Kehadiran Tim Investigasi Polri terkait penyiraman air keras Novel Baswedan, juga dikatakannya tidaklah sangat independen. Menurutnya, pengungkapan kasus penyiraman air keras terhadap Novel Baswedan terbilang sulit diungkap, apalagi dalam waktu dekat.

Penyiraman air keras oleh orang tak dikenal terhadap Novel Baswedan terjadi di depan rumah Novel di kawasan Kelapa Gading, Jakarta Utara, pada Senin, 17 April 2017 silam. Hampir tiga tahun tidak diungkap, padahal banyak kasus dugaan terorisme kerap kali sangat cepat diungkap oleh kepolisian.

“Ini memang suatu kasus yang sulit, bahwasanya sekarang penyiram ditangkap, tapi kok sekarang tiba tiba sekarang tertangkap. Malah jadi pertanyaan,” terang dia.

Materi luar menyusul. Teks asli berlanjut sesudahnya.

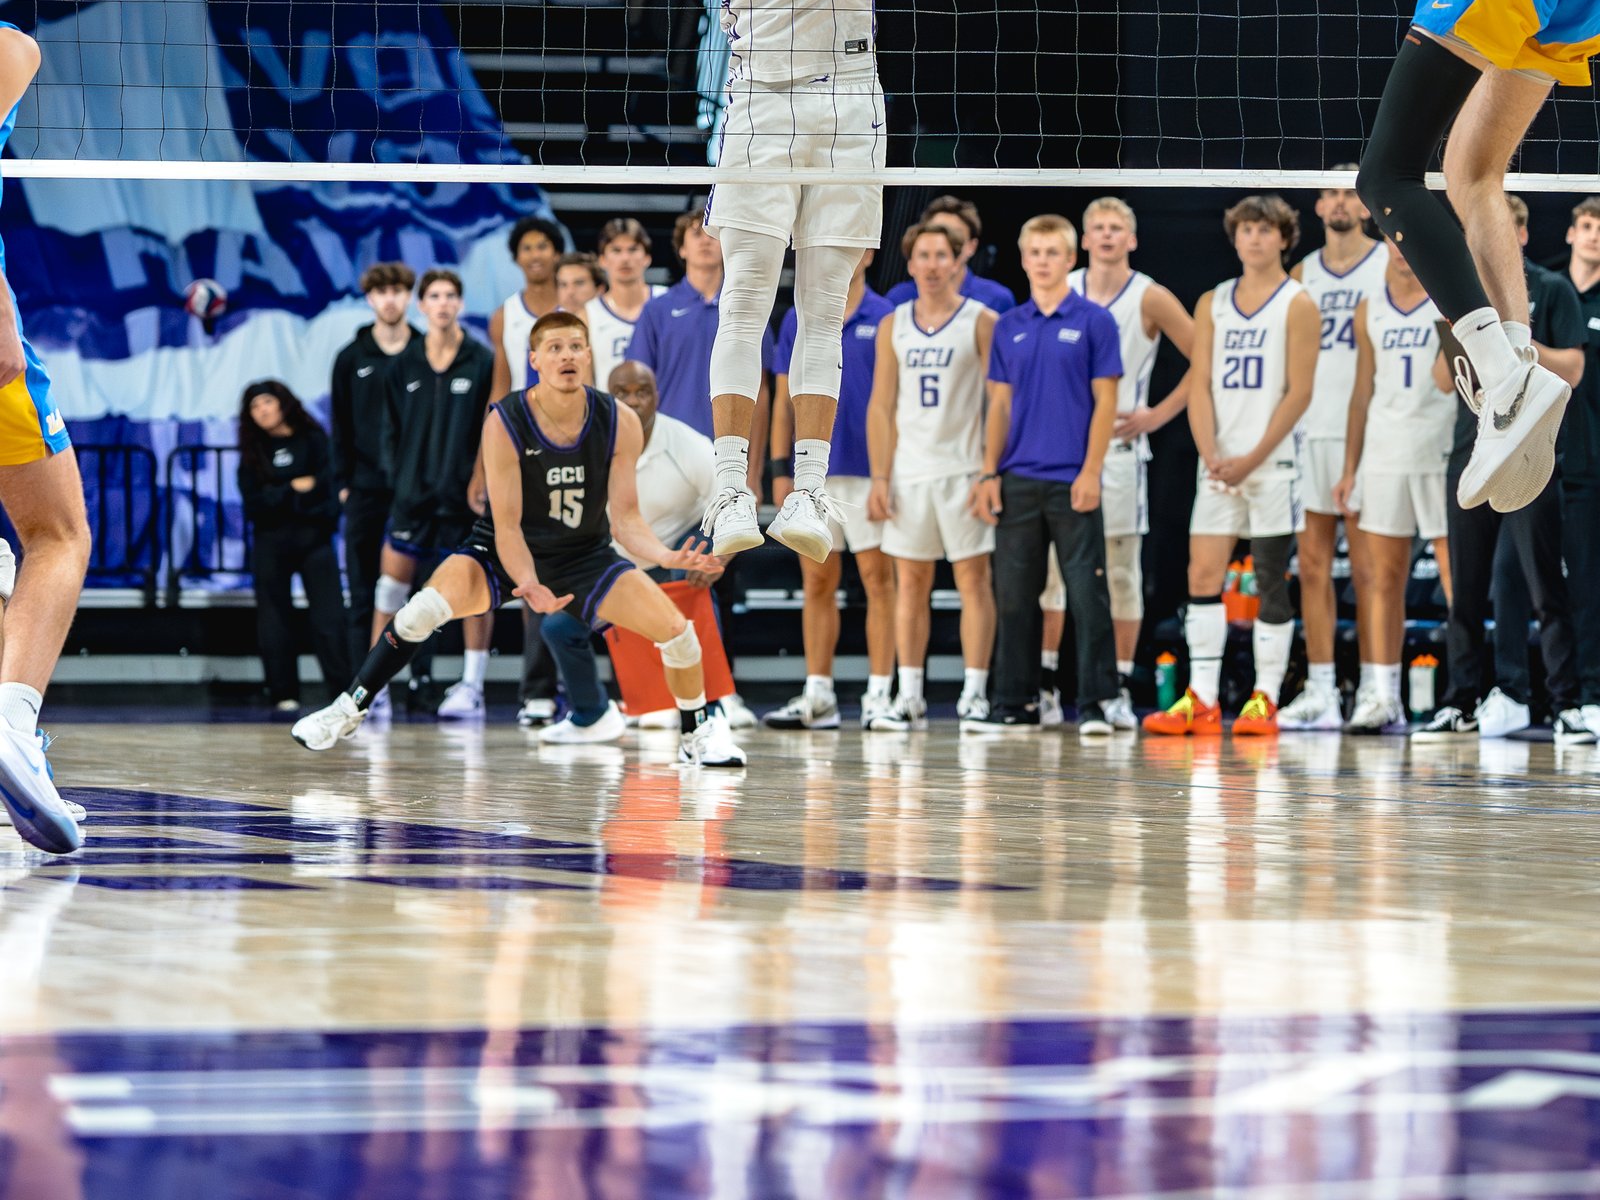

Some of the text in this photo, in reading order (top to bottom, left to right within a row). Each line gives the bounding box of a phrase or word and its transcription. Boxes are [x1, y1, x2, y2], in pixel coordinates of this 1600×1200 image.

[1320, 289, 1363, 314] GCU
[1223, 328, 1268, 350] GCU
[1319, 316, 1357, 351] 24
[1382, 326, 1432, 351] GCU
[906, 346, 954, 369] GCU
[1222, 355, 1264, 390] 20
[1400, 353, 1413, 389] 1
[919, 373, 940, 408] 6
[545, 464, 586, 487] GCU
[548, 487, 586, 530] 15

“Kalau sudah seperti ini, terlalu banyak nanti akan ada teori teori, ‘ah, nanti pasti masih banyak yang pasang badan.’ Kayaknya aman nih, pasti akan ada teori seperti itu, tapi kita tidak tahu itu akan gimana,” sambung dia.

Kepala Bareskrim Polri, Komjen Listyo Sigit Prabowo mengatakan penangkapan dua tersangka kasus penyiraman Novel Baswedan dilakukan , Kamis (26/12/2019) malam. Dia menerangkan, tim teknis Polri bekerja sama dengan Satkor Brimob mengamankan pelaku yang diduga telah melakukan penyerangan kepada Novel Baswedan (NB).

“Pelaku dua orang. Inisial RM dan RB,” kata Listyo saat konferensi pers di Polda Metro Jaya, Juat (27/12/2019).

Selain itu, Listyo juga menjawab pertanyaan status dua tersangka yang disebutnya anggota Polisi. “Polri aktif,” terang Listyo.

Rafendi kembali menegaskan perihal pengungkapan tersangka kasus penyiraman Novel ini. Apalagi, melibatkan anggota Kepolisian.

“Intinya, pasti ada perintah. Tidak mungkin sebuah inisiatif, pasti ada dari kalangan tinggi. Secara teoritis gitu. Tapi Polri harus buktikan, bahwa ini bukan rekayasa. Publik pasti akan melihat ini adalah sebuah pasang badan teori,” tegas Rafendi.